Tapping Creativity in Others

Article excerpt

Many people think that creative people are born, not made. But bringing out creativity in others is a skill that anyone can learn. Managers and supervisors can discover how to tap the creativity in their employees by participating in a creativity workshop.

The workshop draws on the experiences of managers who have been successful in getting their employees to be more creative. Their experiences establish a baseline of information for the workshop. The objective is to get the manager/participants to specifically define, through structured discussion, the traits and behaviors that bring out creativity in others.

Unlike some creativity workshops and seminars, there's no tent-revival atmosphere. There's no pep talk. There's no lecture. The workshop doesn't center around a facilitator. It's designed to encourage participants to examine their own traits and behaviors and the traits and behaviors of others. They also scrutinize their organization's climate for creativity.
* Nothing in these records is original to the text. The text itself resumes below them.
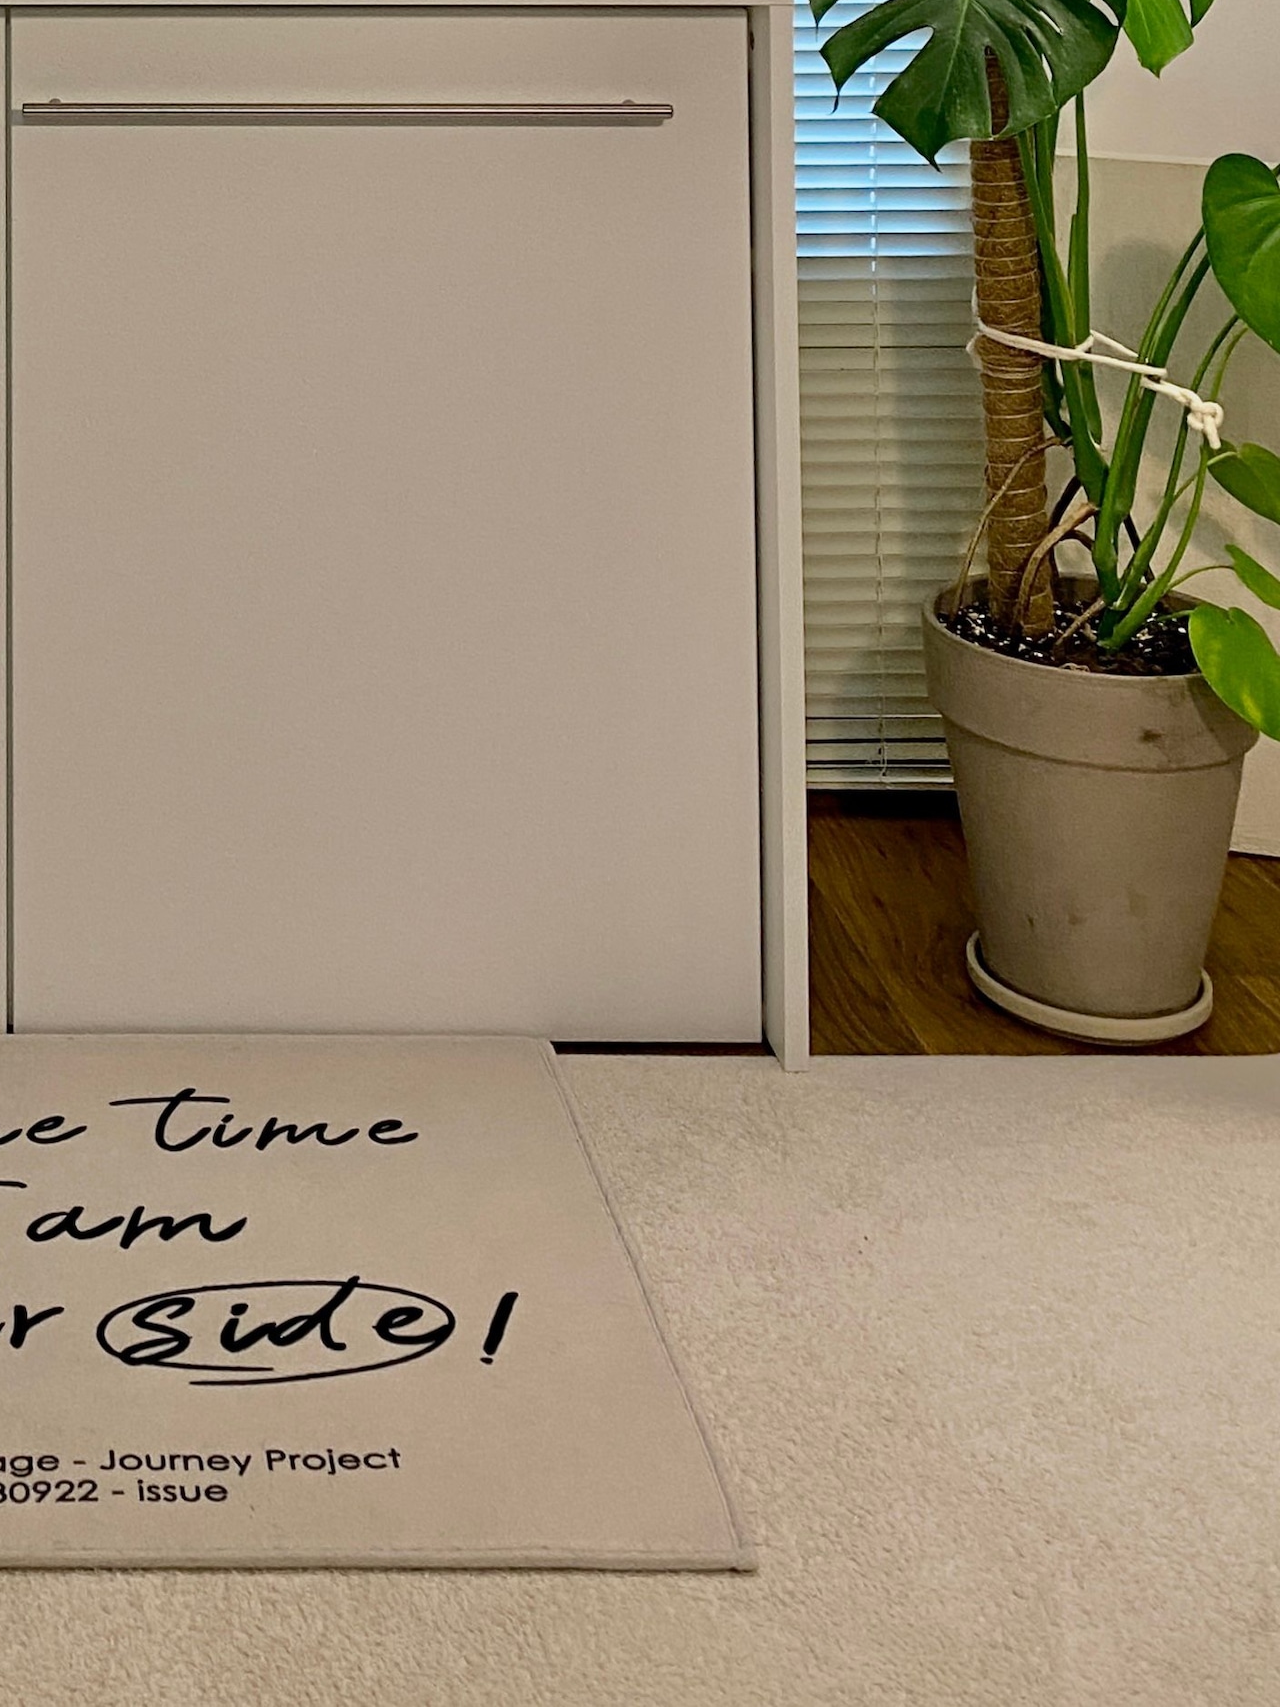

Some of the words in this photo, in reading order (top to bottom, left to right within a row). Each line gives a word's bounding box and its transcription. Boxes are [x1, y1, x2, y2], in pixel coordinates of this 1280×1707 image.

[109, 1088, 420, 1152] time
[25, 1204, 249, 1250] am
[99, 1449, 253, 1477] Journey
[265, 1447, 403, 1476] Project
[137, 1479, 230, 1502] issue
In the workshop, participants

* establish individual, functional definitions of creativity

* recall examples of managers they've known who brought out creativity in others

* reach a group consensus on what traits and behaviors brings out creativity in others

* compare their own traits and behaviors to the ones in the consensus

* compare the traits and behaviors of their supervisors to the ones in the consensus.
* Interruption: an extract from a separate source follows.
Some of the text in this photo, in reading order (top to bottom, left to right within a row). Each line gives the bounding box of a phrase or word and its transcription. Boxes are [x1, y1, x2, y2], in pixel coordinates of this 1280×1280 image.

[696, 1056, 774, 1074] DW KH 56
* speculate on how their employees might rate them on the consensus traits and behaviors

* explore ways to improve their individual performances on bringing out creativity in others

* examine their organization's creative climate.
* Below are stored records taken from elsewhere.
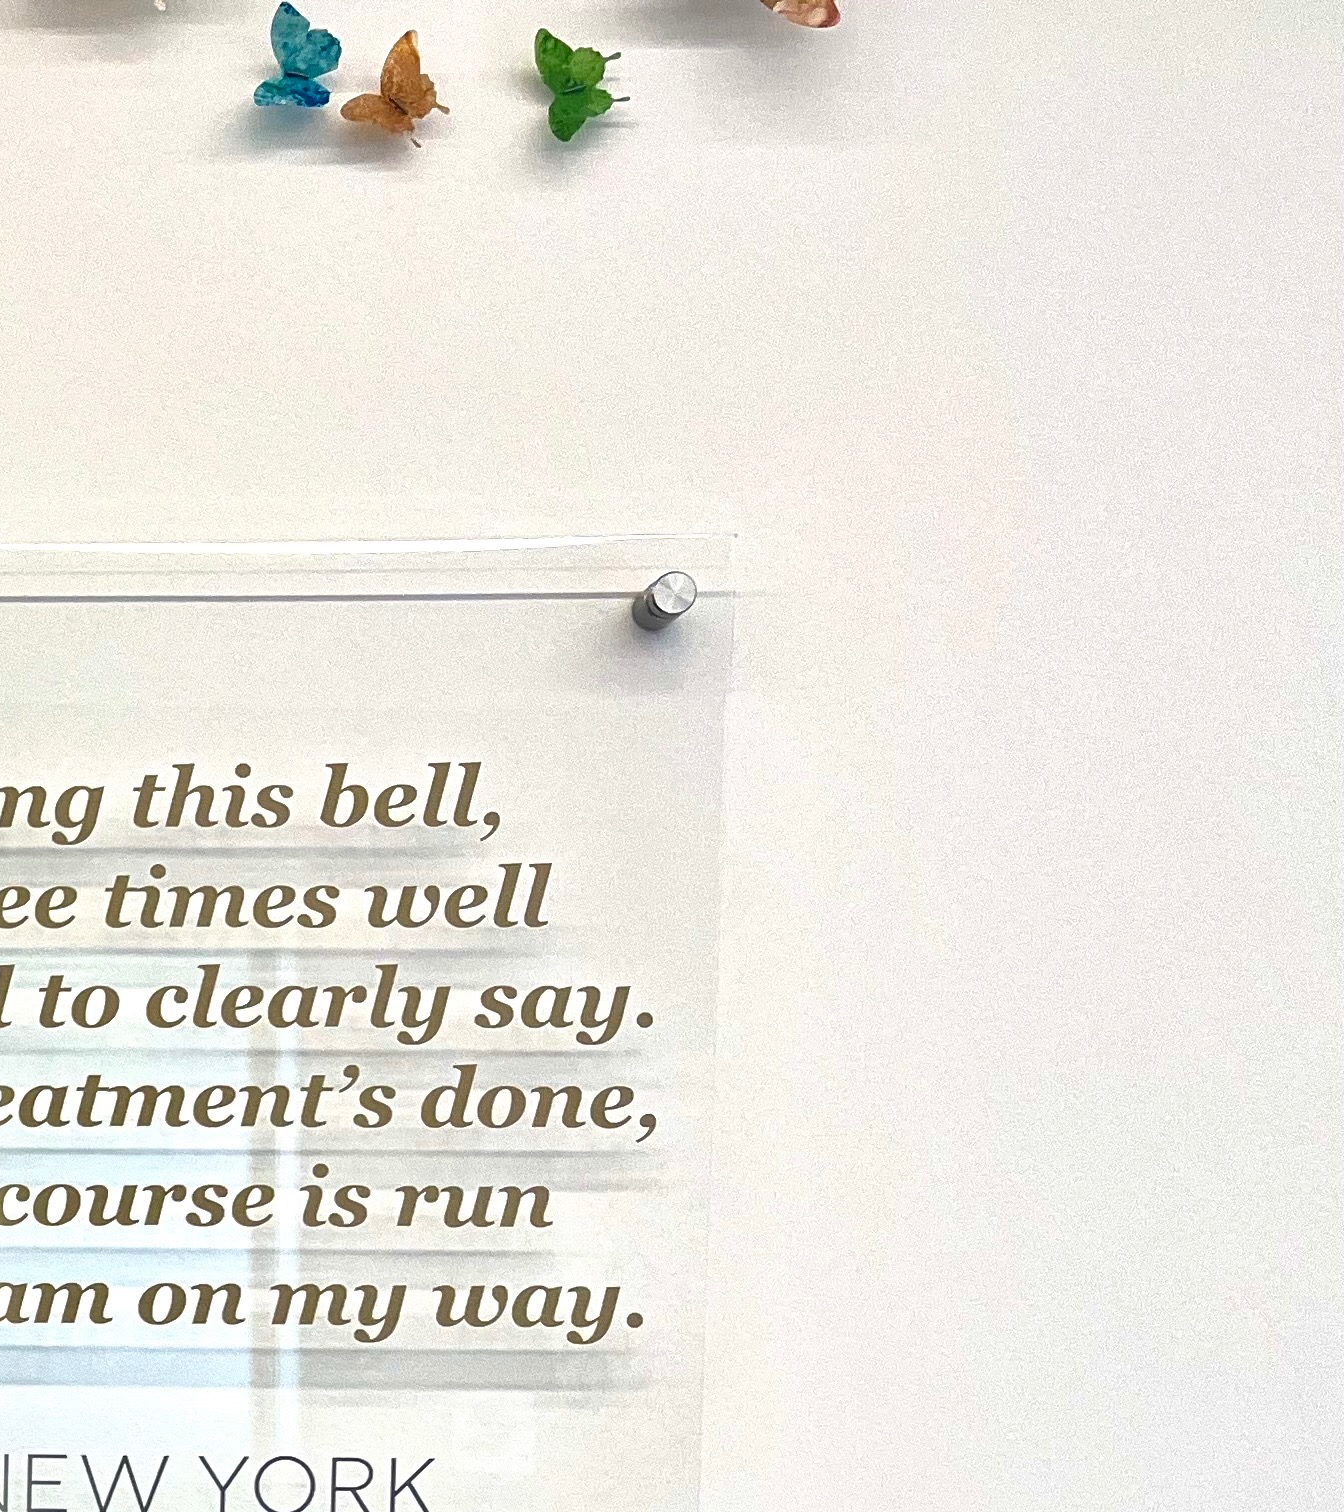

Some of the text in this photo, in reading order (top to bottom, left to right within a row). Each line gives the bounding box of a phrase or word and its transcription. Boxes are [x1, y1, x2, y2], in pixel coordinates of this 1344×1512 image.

[132, 763, 293, 829] this
[320, 762, 502, 841] bell,
[105, 864, 340, 929] times
[367, 863, 552, 929] well
[40, 975, 120, 1028] to
[146, 964, 450, 1045] clearly
[475, 985, 654, 1045] say.
[421, 1063, 658, 1143] done,
[302, 1163, 371, 1228] is
[396, 1184, 553, 1229] run
[138, 1283, 243, 1325] on
[270, 1283, 406, 1343] my
[433, 1284, 644, 1345] way.
The workshop consists of two participant sessions and one period during which the facilitator works apart from the participants.

In Session 1, participants progress from constructing individual definitions of creativity to forming a group consensus. The group determines and agrees on the traits and behaviors that are instrumental to bringing out creativity in others. The facilitator's main role is to compile the participants' opinions.

In Session 2, the participants measure their own and their supervisors' performances in relation to the agreed-upon traits and behaviors. Participants then speculate about what their employees might say about their own performances regarding those same factors.

Session 1

In the first session of the workshop, the facilitator makes a brief introduction and leads the participants in performing four tasks.

The introduction should exclude any information that might squelch spontaneity. The facilitator shouldn't try to define creativity or discuss managing creativity.

The facilitator encourages participants to recall their experiences with creative people. He or she informs them that by the time they complete the workshop, they'll understand the nature of creativity and how they can bring it out in others.

Task 1: 12 minutes

In the first of the fourt tasks that make up Session 1, the facilitator asks each participant to describe two creative people. The participants aren't restricted to describing managers or formal leaders. Each participant, working alone, writes on a prepared sheet. (See the box, "Describing Two Creative People.")

The instructions are designed to get participants of focus on their perceptions of the creative people they describe. Most participants list traits and behaviors on the sheet.

Task 2: 20 minutes

This exercise offers participants the opportunity to explore the ways in which people bring out creativity in others. In Task 1, each participant generated his or her own functional definition of creativity. In Task 2, participants consider how managers can bring out creativity in employees.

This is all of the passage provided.